╭─ Information shown

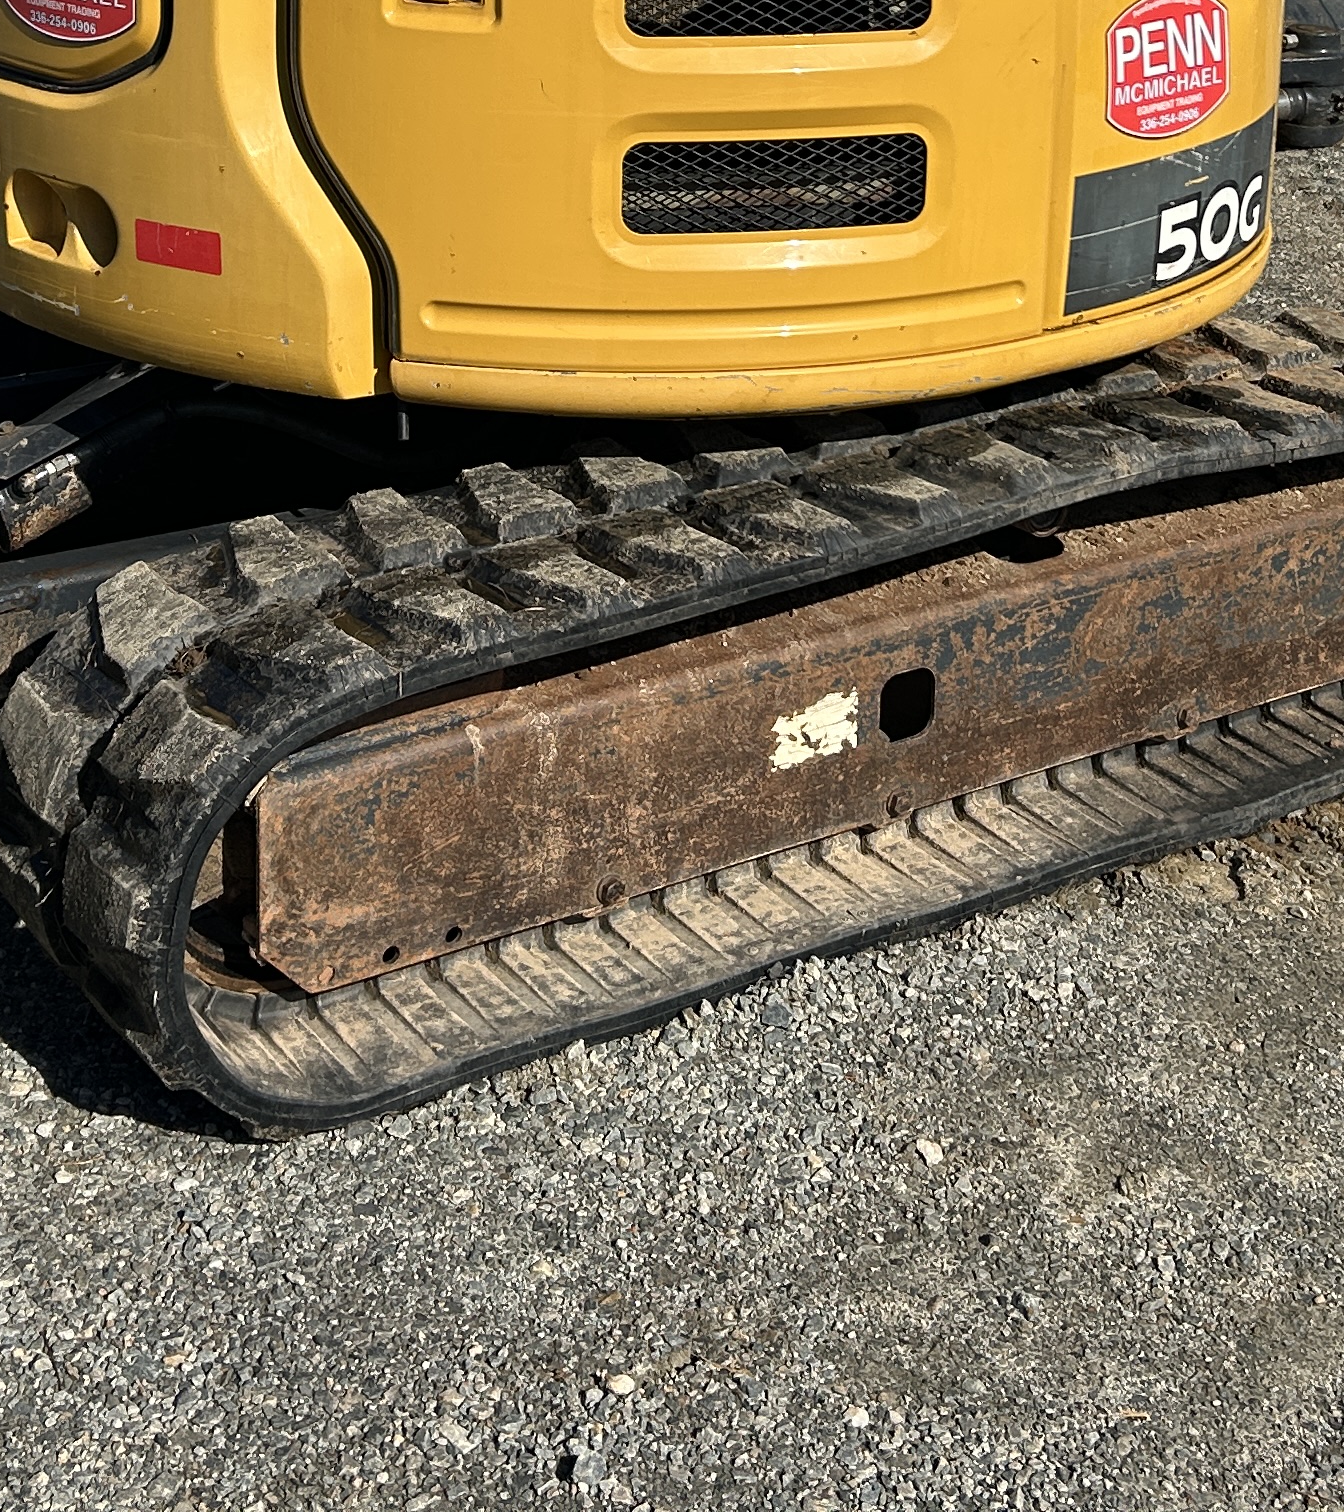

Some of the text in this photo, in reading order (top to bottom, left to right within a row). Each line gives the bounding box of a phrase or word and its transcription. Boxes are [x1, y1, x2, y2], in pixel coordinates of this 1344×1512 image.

[29, 9, 97, 35] 336-254-0906
[66, 3, 101, 19] TRADING
[1115, 8, 1223, 84] PENN
[1114, 65, 1223, 107] MCMICHAEL
[1156, 174, 1263, 281] 50G
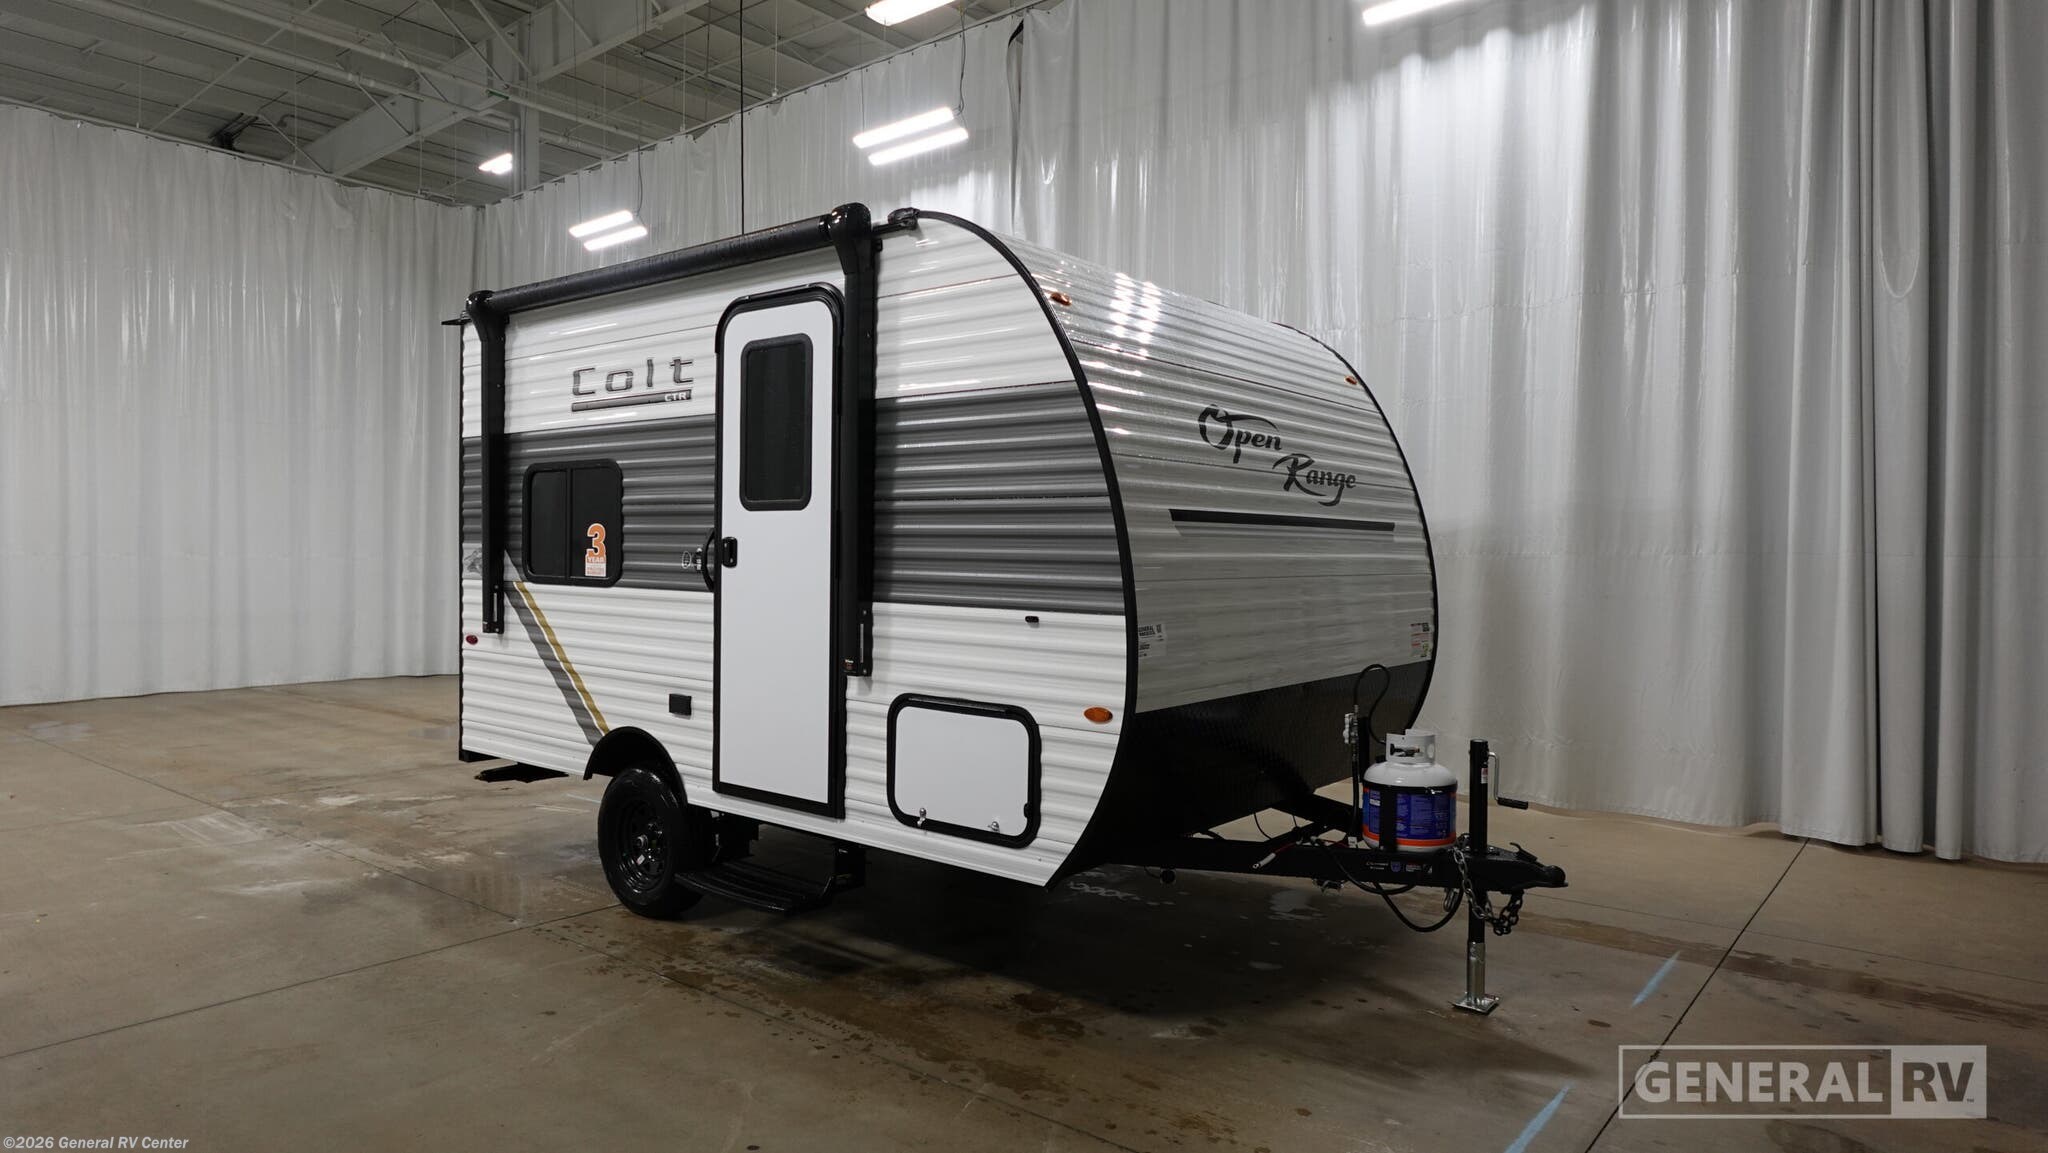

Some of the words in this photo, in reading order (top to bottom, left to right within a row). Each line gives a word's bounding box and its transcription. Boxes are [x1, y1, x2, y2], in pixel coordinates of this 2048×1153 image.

[572, 358, 694, 396] Colt
[664, 391, 687, 402] CTR
[1198, 403, 1283, 464] Open
[1272, 452, 1357, 507] Range
[587, 523, 606, 557] 3
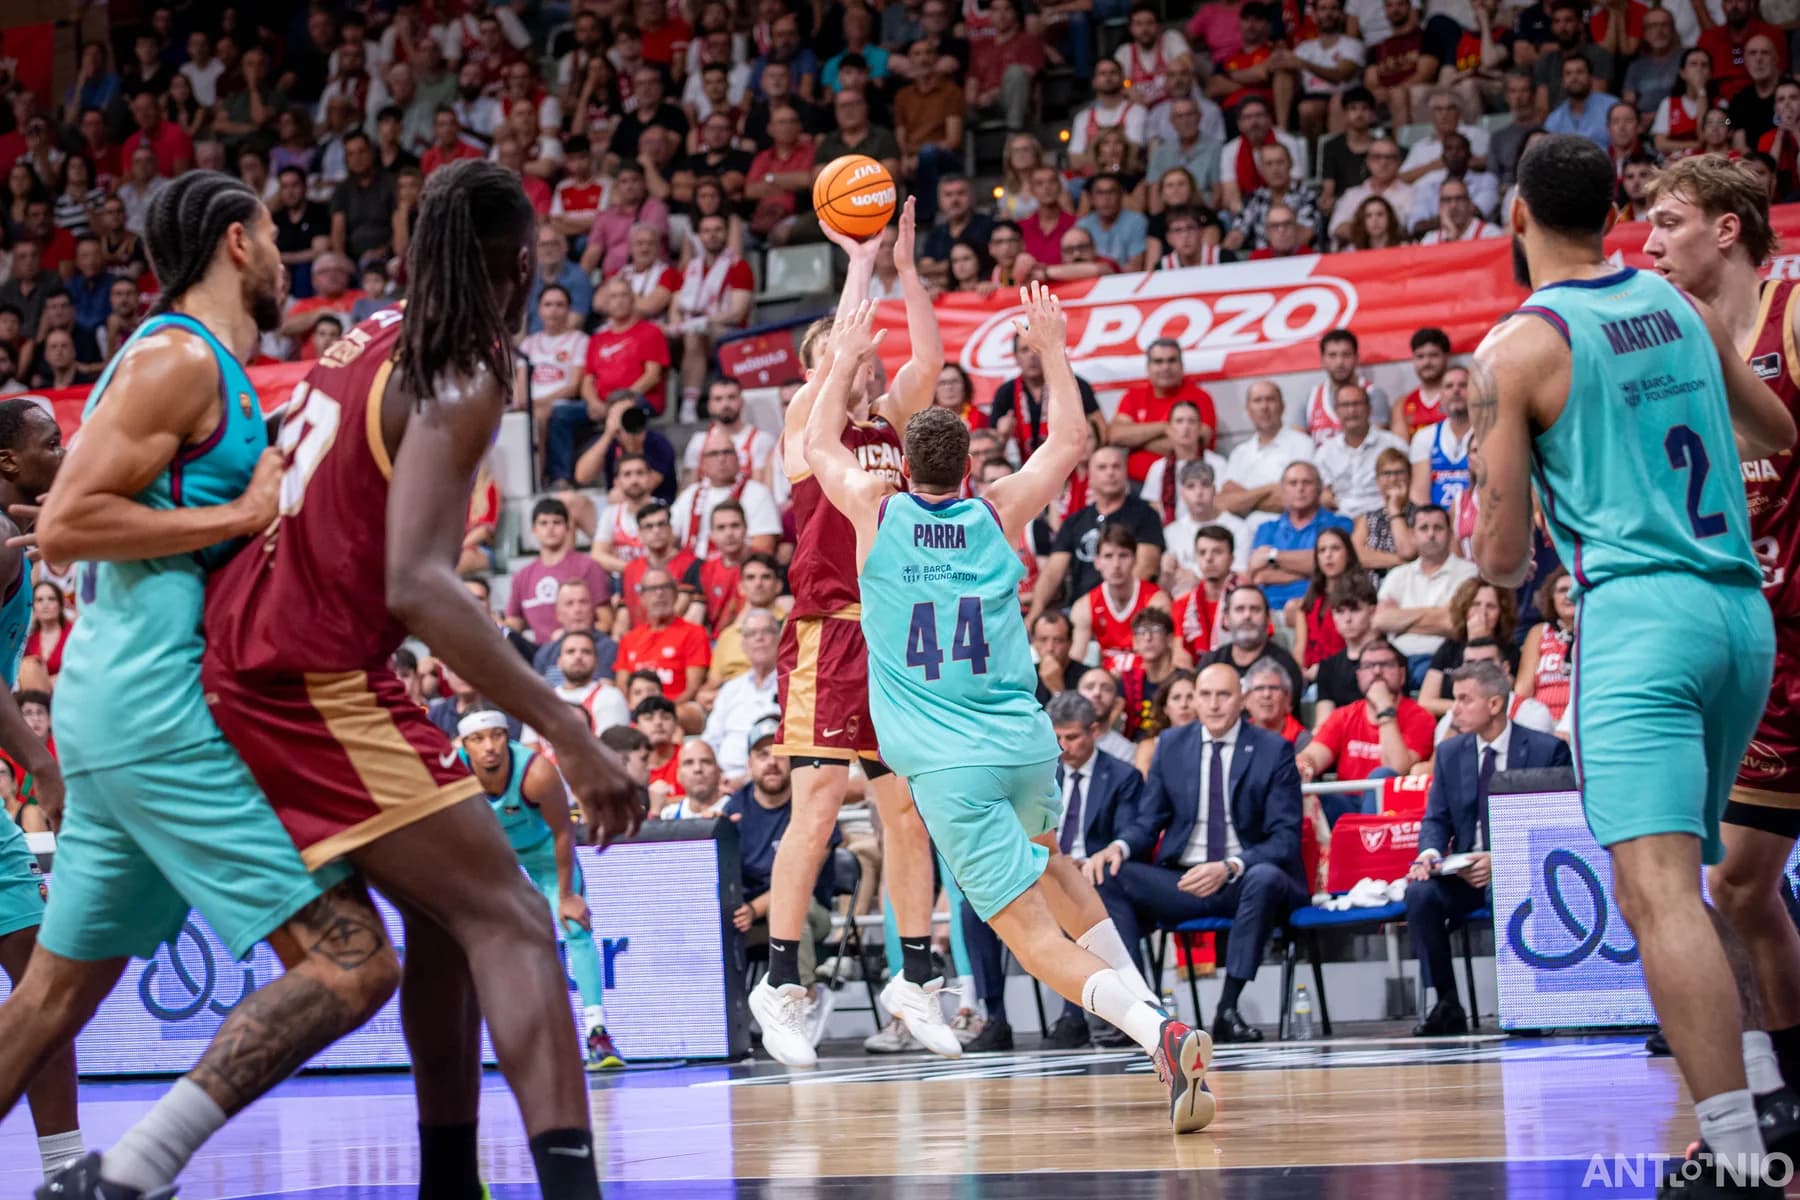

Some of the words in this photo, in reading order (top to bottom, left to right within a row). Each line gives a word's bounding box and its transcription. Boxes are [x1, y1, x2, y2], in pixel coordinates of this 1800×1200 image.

[1601, 309, 1684, 356] MARTIN
[1644, 379, 1706, 401] FOUNDATION
[1664, 424, 1728, 539] 2
[914, 524, 966, 548] PARRA
[924, 571, 978, 582] FOUNDATION
[906, 596, 990, 682] 44
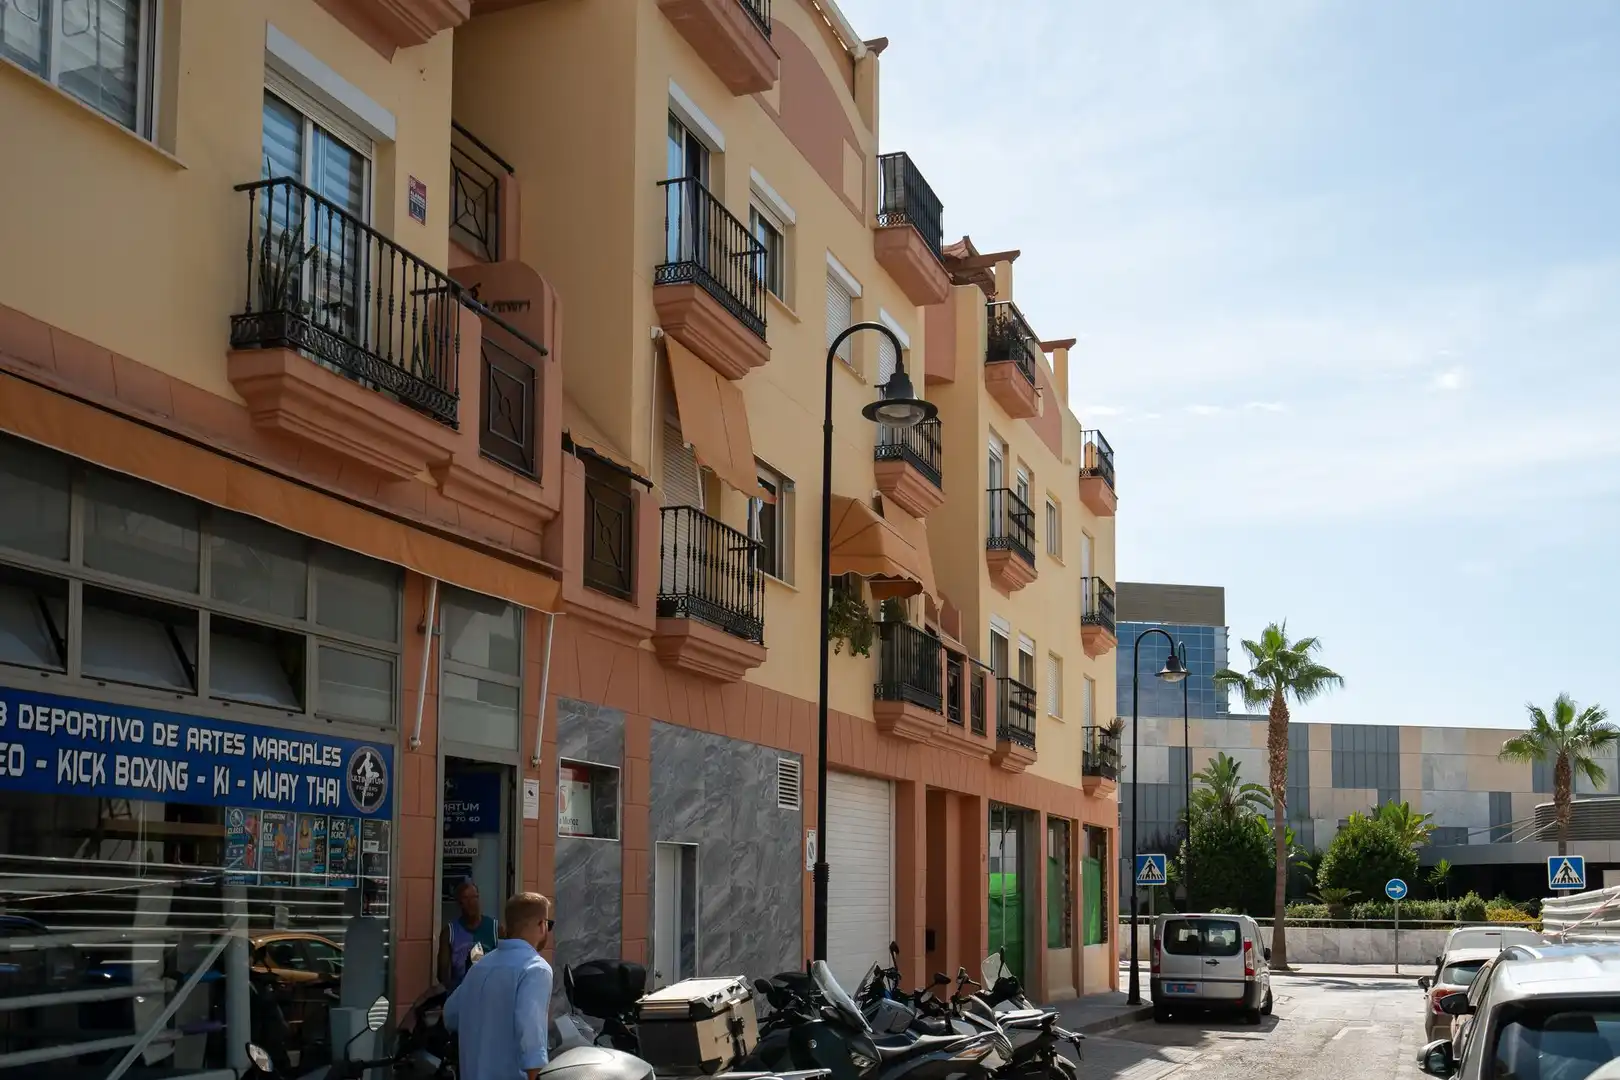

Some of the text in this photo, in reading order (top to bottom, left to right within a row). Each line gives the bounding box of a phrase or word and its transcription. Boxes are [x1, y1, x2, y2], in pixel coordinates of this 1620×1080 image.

╰─

▶ What to produce: Print the records verbatim, without pictures.

▶ Output:
Some of the text in this photo, in reading order (top to bottom, left to right within a row). Each line gives the bounding box of a phrase or word and its transcription. Boxes are [x1, y1, x2, y2], in pixel coordinates of this 1344×1512 image.

[29, 9, 97, 35] 336-254-0906
[66, 3, 101, 19] TRADING
[1115, 8, 1223, 84] PENN
[1114, 65, 1223, 107] MCMICHAEL
[1156, 174, 1263, 281] 50G

Some of the words in this photo, in reading order (top to bottom, left to right within a row). Each line gives a word's bounding box and its transcription. Boxes are [x1, y1, x2, y2], in pixel coordinates of this 2048×1153 image.

[572, 358, 694, 396] Colt
[664, 391, 687, 402] CTR
[1198, 403, 1283, 464] Open
[1272, 452, 1357, 507] Range
[587, 523, 606, 557] 3

Some of the words in this photo, in reading order (top to bottom, left to right within a row). Each line gives a word's bounding box and its transcription. Boxes are [x1, y1, x2, y2], in pixel coordinates of this 1800×1200 image.

[1601, 309, 1684, 356] MARTIN
[1644, 379, 1706, 401] FOUNDATION
[1664, 424, 1728, 539] 2
[914, 524, 966, 548] PARRA
[924, 571, 978, 582] FOUNDATION
[906, 596, 990, 682] 44

Some of the text in this photo, in reading order (top to bottom, left to right within a row). Each line gives the bounding box of a phrase or word and its transcription. Boxes are [x1, y1, x2, y2], in pixel coordinates of this 1620×1080 image.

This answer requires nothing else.